Cosan Reports Q1 2026 Earnings: Net Loss Narrows, Debt Rises, Portfolio Gains Offset Early Bond Costs
Net debt at the quarter’s end rose 18 % to 11.5 billion R$, driven by lower dividend inflows and one‑off debt‑management payments. Nevertheless, net debt has declined 34 % compared with Q1 2025, a reduction the company attributes to capitalization efforts completed late last year.
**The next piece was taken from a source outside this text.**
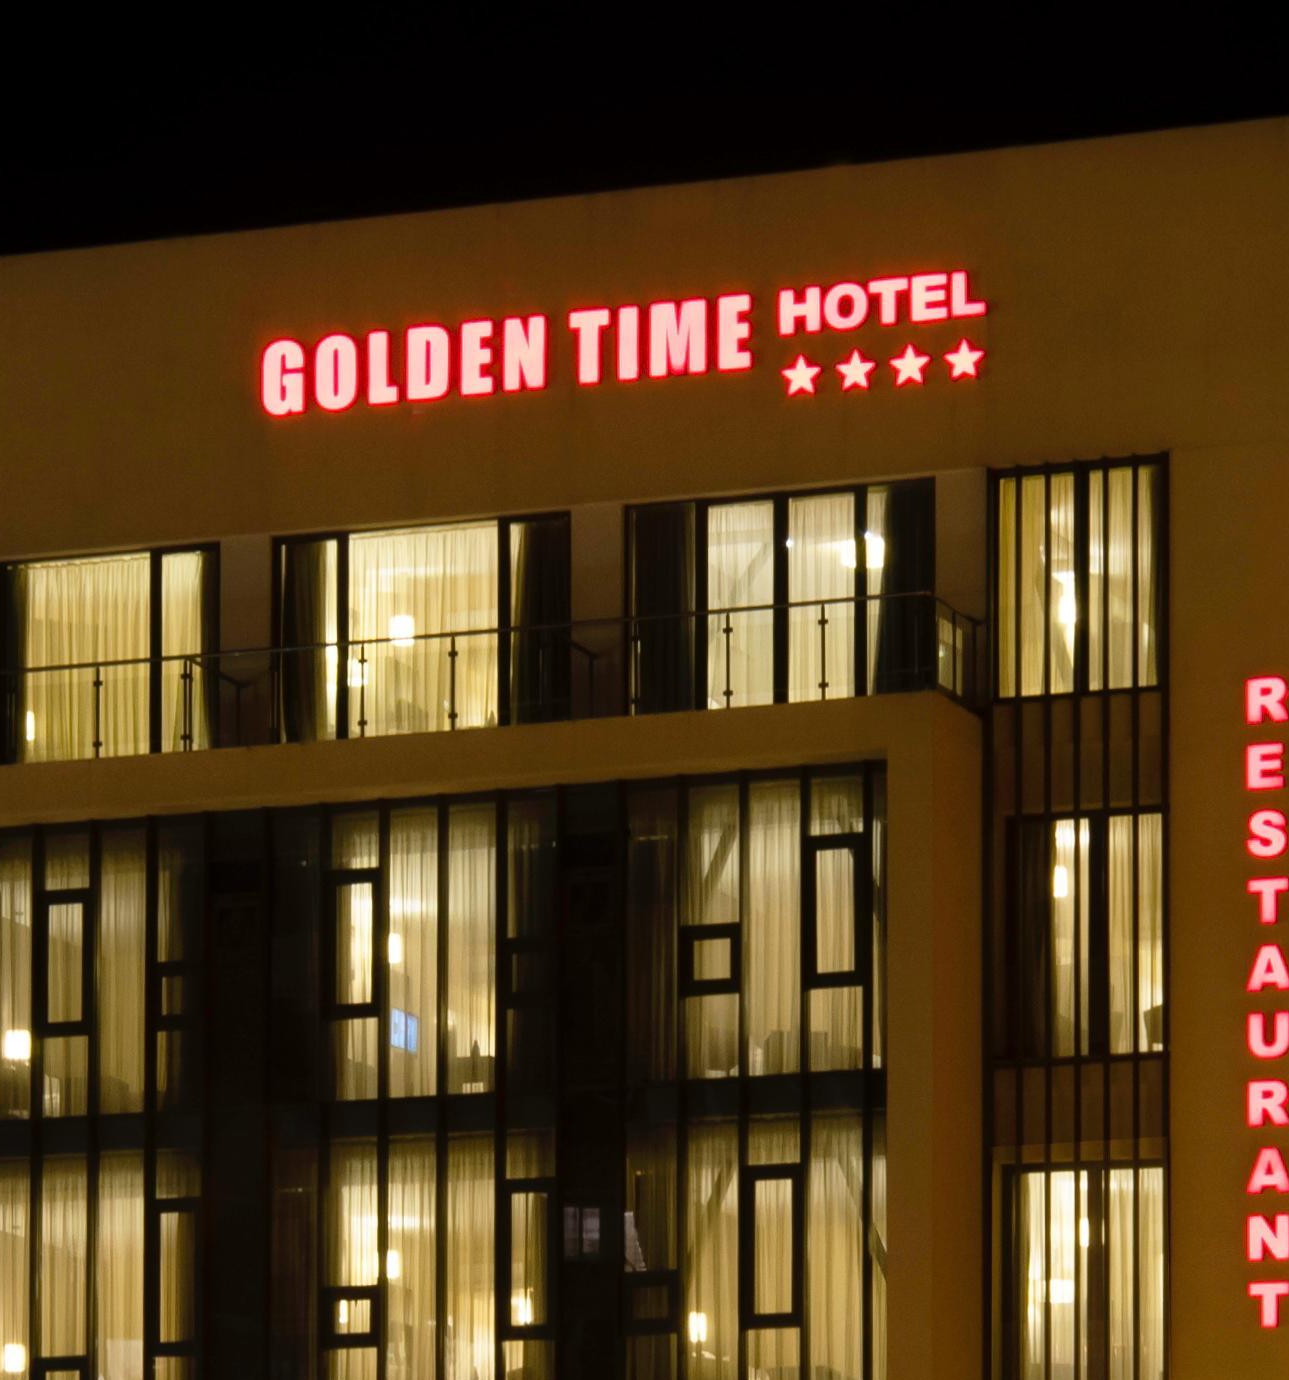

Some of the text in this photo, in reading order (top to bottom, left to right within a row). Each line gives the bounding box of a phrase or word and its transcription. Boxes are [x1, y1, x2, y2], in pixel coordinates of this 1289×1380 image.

Operating performance improved across Cosan’s five segments. Adjusted EBITDA grew 7 % in the Rumo rail‑logistics unit and 2 % in the Compass subsidiary. Rumo’s EBITDA reached 1.74 billion R$ (about US$345 million), up 7 % year‑on‑year, fueled by a 25 % jump in grain volumes. Compass, which is preparing for an initial public offering, generated 2.1 billion R$ (US$416 million) in net proceeds during the quarter.
Despite these gains, the debt‑service coverage ratio (DSCR) fell to 0.4×, a decline the company says reflects the exclusion of capital‑reduction effects from Compass in the trailing‑12‑month calculation.
Revenue for the quarter reached US$7.69 billion, beating the forecast of US$7.08 billion by 8.6 %. The growth is consistent with Cosan’s diversified portfolio, which includes fuel distribution through the Raízen joint venture, logistics via Rumo, and lubricants under the Moove brand.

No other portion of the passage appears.